I recently took a vacation that involved a major airline flight. I don’t travel for business, so it’s been a little while since I’ve flown. When I printed my boarding passes, I noticed that I was registered for the TSA Pre-check, and although I heard about it on the news, I really didn’t know what that meant. So, off to the airport I go, and in my home airport TSA pre-check meant I didn’t have to take off my shoes, but everything else was the same… empty your pockets, electronics in bins, etc. No problem.
But on the way home, the process was different. In this airport, there was a separate line for TSA pre-check. I presented my boarding pass and walked down a glass hallway to get screened. And, there were no bins, so I’m wondering what do I do with my electronics. The screening agent was standing there saying “put your things in your bag,” but it was too late, my electronics were out and I was standing there. Even though the agent was telling me, I just couldn’t grasp it at that moment.

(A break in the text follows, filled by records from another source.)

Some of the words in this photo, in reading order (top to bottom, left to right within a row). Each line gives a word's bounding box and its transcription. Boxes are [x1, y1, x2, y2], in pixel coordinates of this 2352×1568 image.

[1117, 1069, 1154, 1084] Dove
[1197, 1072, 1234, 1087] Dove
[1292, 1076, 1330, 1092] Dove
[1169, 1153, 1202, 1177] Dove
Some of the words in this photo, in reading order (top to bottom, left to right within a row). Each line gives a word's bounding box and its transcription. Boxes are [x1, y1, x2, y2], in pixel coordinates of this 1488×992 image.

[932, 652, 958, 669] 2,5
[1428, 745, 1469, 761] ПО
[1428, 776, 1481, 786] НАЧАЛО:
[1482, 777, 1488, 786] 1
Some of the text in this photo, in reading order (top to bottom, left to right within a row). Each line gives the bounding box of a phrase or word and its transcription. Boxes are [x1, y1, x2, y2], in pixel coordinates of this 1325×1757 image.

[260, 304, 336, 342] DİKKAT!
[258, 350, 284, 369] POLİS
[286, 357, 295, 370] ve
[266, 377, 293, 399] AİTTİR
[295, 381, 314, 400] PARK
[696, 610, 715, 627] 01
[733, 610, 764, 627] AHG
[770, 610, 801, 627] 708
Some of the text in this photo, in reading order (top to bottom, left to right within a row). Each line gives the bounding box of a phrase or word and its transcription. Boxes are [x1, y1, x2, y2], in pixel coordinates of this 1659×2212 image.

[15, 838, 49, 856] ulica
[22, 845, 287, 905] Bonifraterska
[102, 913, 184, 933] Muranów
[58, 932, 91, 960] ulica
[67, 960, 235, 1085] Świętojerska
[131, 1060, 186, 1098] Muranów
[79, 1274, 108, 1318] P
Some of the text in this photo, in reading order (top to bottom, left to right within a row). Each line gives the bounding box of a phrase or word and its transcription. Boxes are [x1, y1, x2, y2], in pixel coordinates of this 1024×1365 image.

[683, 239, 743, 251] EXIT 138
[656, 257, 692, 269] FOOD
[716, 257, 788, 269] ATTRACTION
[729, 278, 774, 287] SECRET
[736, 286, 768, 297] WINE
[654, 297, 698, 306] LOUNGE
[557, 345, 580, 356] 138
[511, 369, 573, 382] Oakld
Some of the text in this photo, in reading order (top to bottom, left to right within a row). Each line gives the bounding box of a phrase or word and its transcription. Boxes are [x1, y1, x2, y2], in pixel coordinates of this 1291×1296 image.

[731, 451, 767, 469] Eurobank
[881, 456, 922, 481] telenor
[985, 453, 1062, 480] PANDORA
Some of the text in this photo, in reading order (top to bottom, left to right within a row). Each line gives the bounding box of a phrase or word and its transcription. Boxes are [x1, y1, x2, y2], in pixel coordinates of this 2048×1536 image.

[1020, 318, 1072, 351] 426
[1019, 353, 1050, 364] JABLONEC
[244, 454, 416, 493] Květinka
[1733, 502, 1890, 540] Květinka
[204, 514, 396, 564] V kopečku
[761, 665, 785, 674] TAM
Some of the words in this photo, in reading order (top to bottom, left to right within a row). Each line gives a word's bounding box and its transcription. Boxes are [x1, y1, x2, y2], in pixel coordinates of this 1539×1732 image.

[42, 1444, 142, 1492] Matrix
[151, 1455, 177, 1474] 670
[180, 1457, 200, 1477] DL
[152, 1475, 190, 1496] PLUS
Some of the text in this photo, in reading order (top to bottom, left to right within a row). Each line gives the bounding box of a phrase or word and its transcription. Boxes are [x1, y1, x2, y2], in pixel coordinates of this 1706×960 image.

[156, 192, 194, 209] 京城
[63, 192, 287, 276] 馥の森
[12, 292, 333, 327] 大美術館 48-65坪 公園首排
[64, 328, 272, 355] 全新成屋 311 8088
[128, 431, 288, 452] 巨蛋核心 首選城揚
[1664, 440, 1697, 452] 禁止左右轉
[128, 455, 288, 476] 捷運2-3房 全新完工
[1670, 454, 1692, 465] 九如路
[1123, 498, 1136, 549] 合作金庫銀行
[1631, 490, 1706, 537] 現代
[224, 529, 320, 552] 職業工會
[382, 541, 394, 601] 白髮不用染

This experience with the TSA is a lot like how your end users can feel in a cloud technology implementation if you don’t prepare them. It’s not enough to just let people know that a change is coming, you have to let them know what it means for them, and how they need to prepare. It would have been helpful if the person checking my boarding pass gave me information about what I would have to do at the end of the hallway.
Understand the Impact
This starts with understanding how the changes affect your target audiences. Different roles in your organization will have different levels of understanding and responsibility. Just like the different information needs an infrequent traveler like myself has compared to a frequent business traveler, your cloud team site owners will need different information than your average knowledge worker.
To help each of these audiences adapt successfully, you need to understand their current process, how the process changes, and which specific changes are the most disruptive.
“Change happens at the individual level; in order for a group or organization to change, all the individuals within that group must change. The best project management, vision or solution will not result in successful change. The secret to successful change is rooted in something much simpler: how to facilitate change with one person.” Prosci (www.prosci.com), 2016
Enlist the help of others early
Once you have an idea about how your implementation will impact your audience, enlist their help. Your business customers have a vested interest in a smooth implementation. Enlist their help to verify your impact assessment. Give them up-front information about communications and resources and ask that they spread the news and help prepare their colleagues for the change. This partnership is beneficial to both parties as it helps to prepare the business for the change and also helps the project team to prepare the right communications and resources.
Understanding the impact of a change is just one step in a successful change plan. Because organizational change hinges on each individual’s ability to change, it is a crucial step in understanding what information you need to provide to make him or her successful in adopting the change.